◆ Task requirements ◆
Set down each line of the records once more, precisely, and omit the pictures.

(Spatial localization data)
----

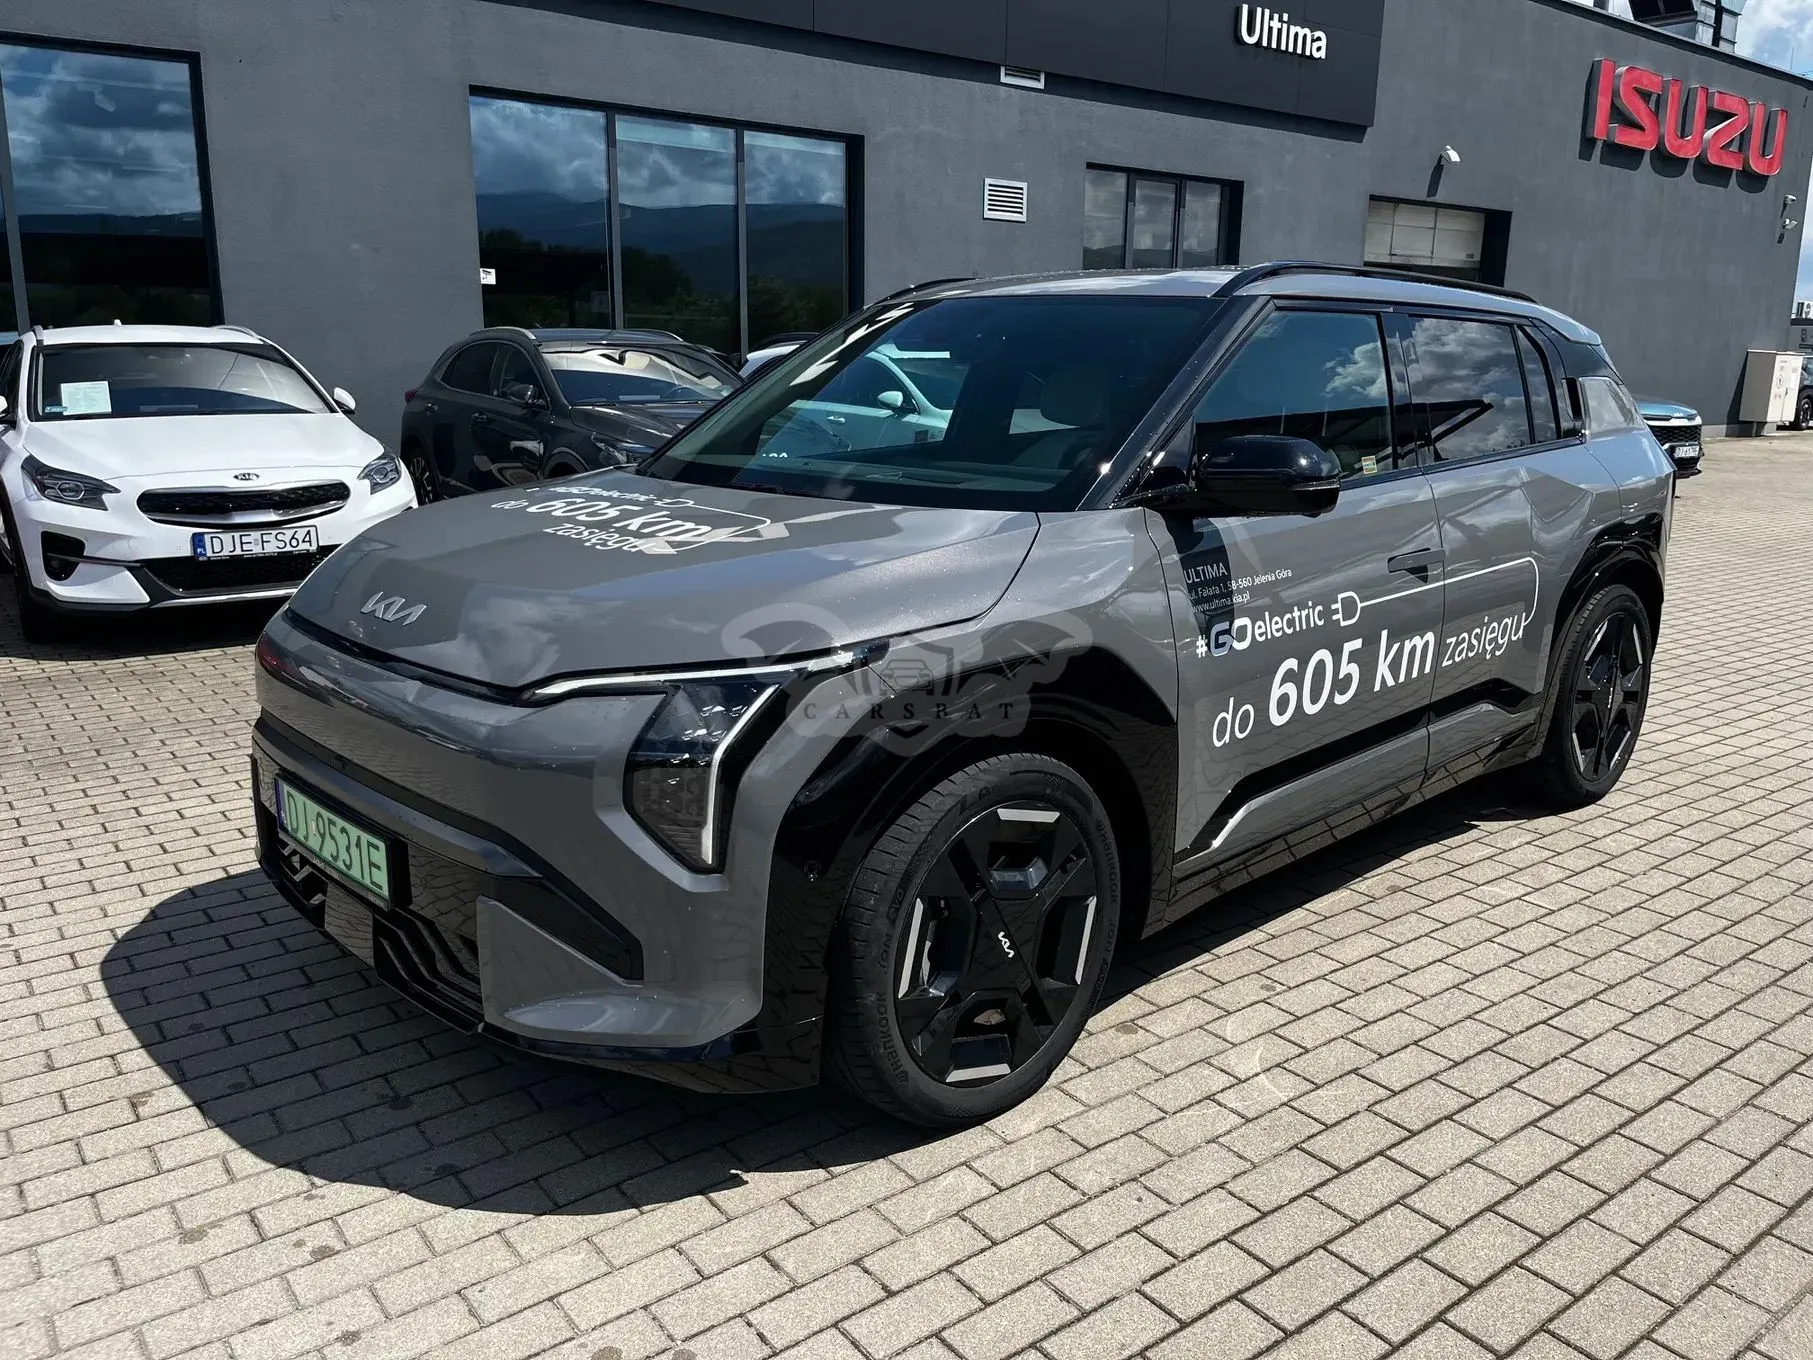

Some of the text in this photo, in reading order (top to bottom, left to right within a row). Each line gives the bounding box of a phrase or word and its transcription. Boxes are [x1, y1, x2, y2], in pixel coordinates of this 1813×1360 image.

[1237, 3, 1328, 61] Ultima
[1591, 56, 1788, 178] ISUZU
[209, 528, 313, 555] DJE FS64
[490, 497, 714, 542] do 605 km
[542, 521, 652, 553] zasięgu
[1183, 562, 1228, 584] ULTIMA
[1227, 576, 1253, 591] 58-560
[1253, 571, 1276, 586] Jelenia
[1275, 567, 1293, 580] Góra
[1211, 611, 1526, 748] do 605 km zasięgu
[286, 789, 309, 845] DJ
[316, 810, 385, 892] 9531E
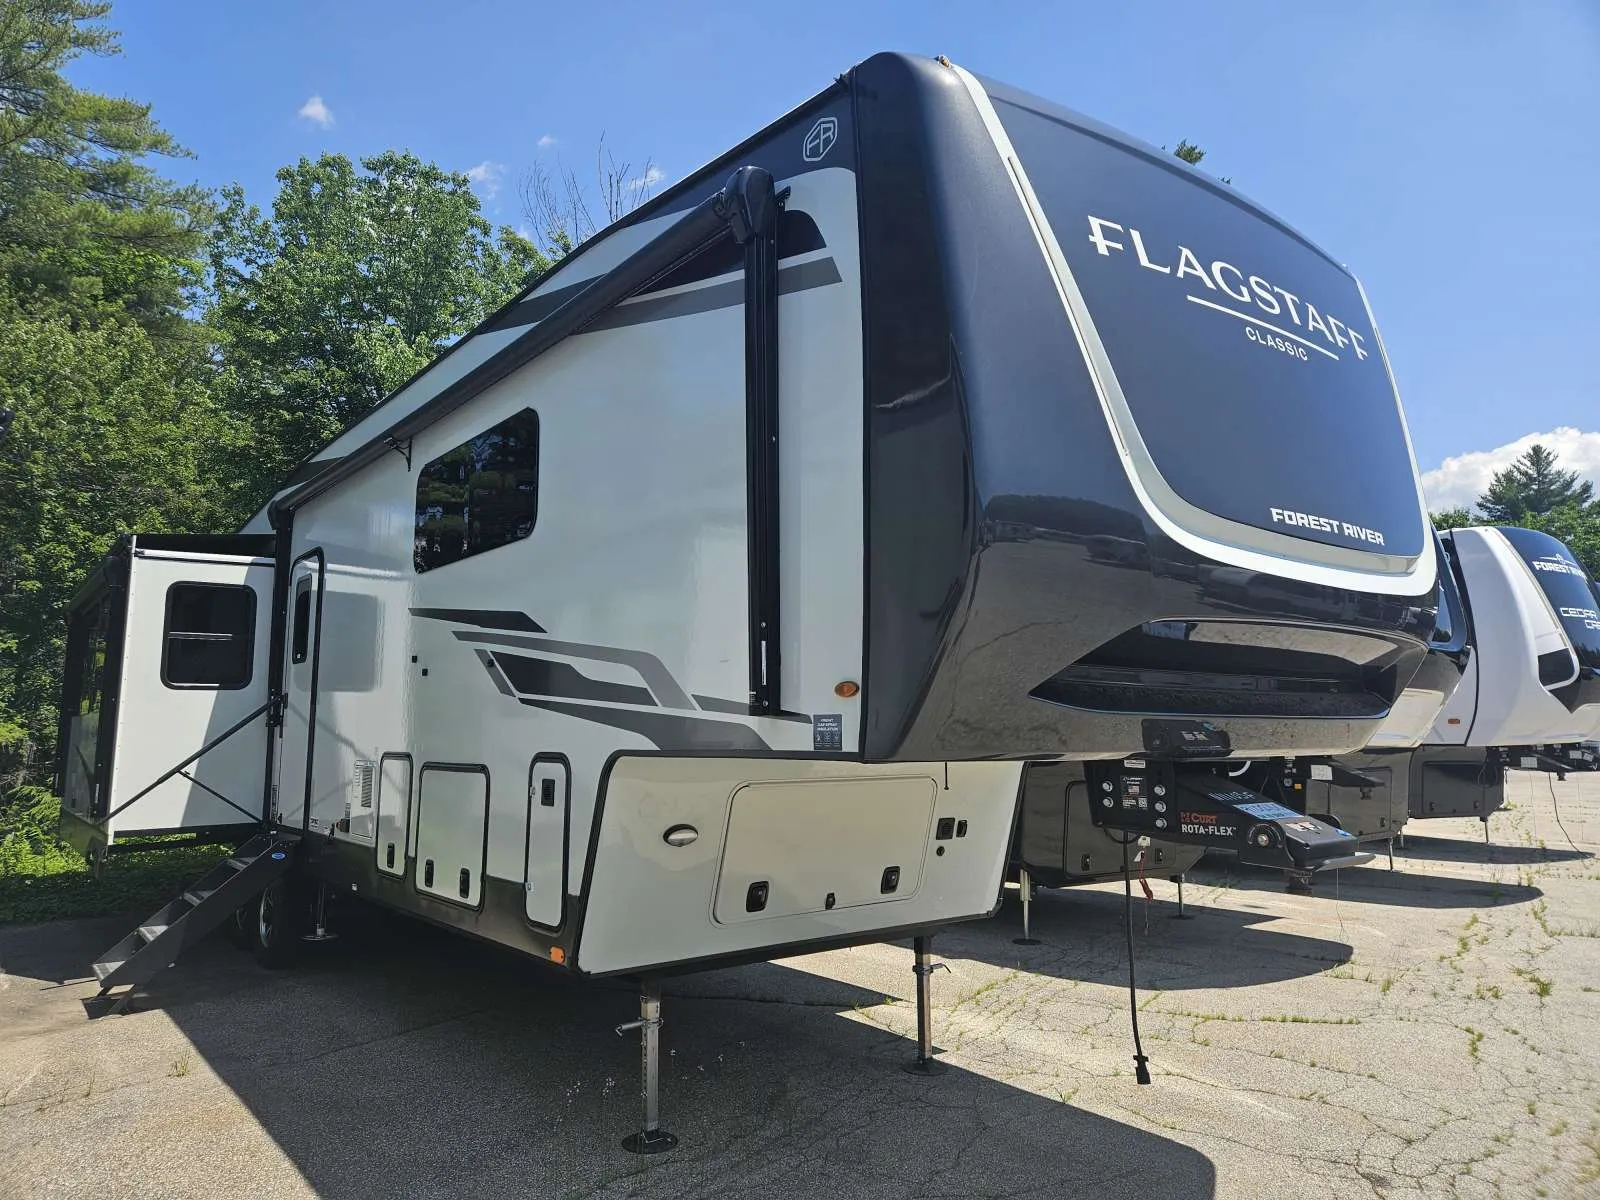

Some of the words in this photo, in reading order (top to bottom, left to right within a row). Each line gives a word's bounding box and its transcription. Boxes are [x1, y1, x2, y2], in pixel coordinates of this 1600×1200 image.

----

◆ Output below ◆
Some of the text in this photo, in reading order (top to bottom, left to right within a row). Each line gives the bounding box of a phrase or word and its transcription. Boxes are [x1, y1, x2, y2], in pixel coordinates of this 1813×1360 image.

[1237, 3, 1328, 61] Ultima
[1591, 56, 1788, 178] ISUZU
[209, 528, 313, 555] DJE FS64
[490, 497, 714, 542] do 605 km
[542, 521, 652, 553] zasięgu
[1183, 562, 1228, 584] ULTIMA
[1227, 576, 1253, 591] 58-560
[1253, 571, 1276, 586] Jelenia
[1275, 567, 1293, 580] Góra
[1211, 611, 1526, 748] do 605 km zasięgu
[286, 789, 309, 845] DJ
[316, 810, 385, 892] 9531E

Some of the words in this photo, in reading order (top to bottom, left to right within a row). Each line gives a word's bounding box and its transcription. Boxes are [x1, y1, x2, y2], in pixel coordinates of this 1600×1200 image.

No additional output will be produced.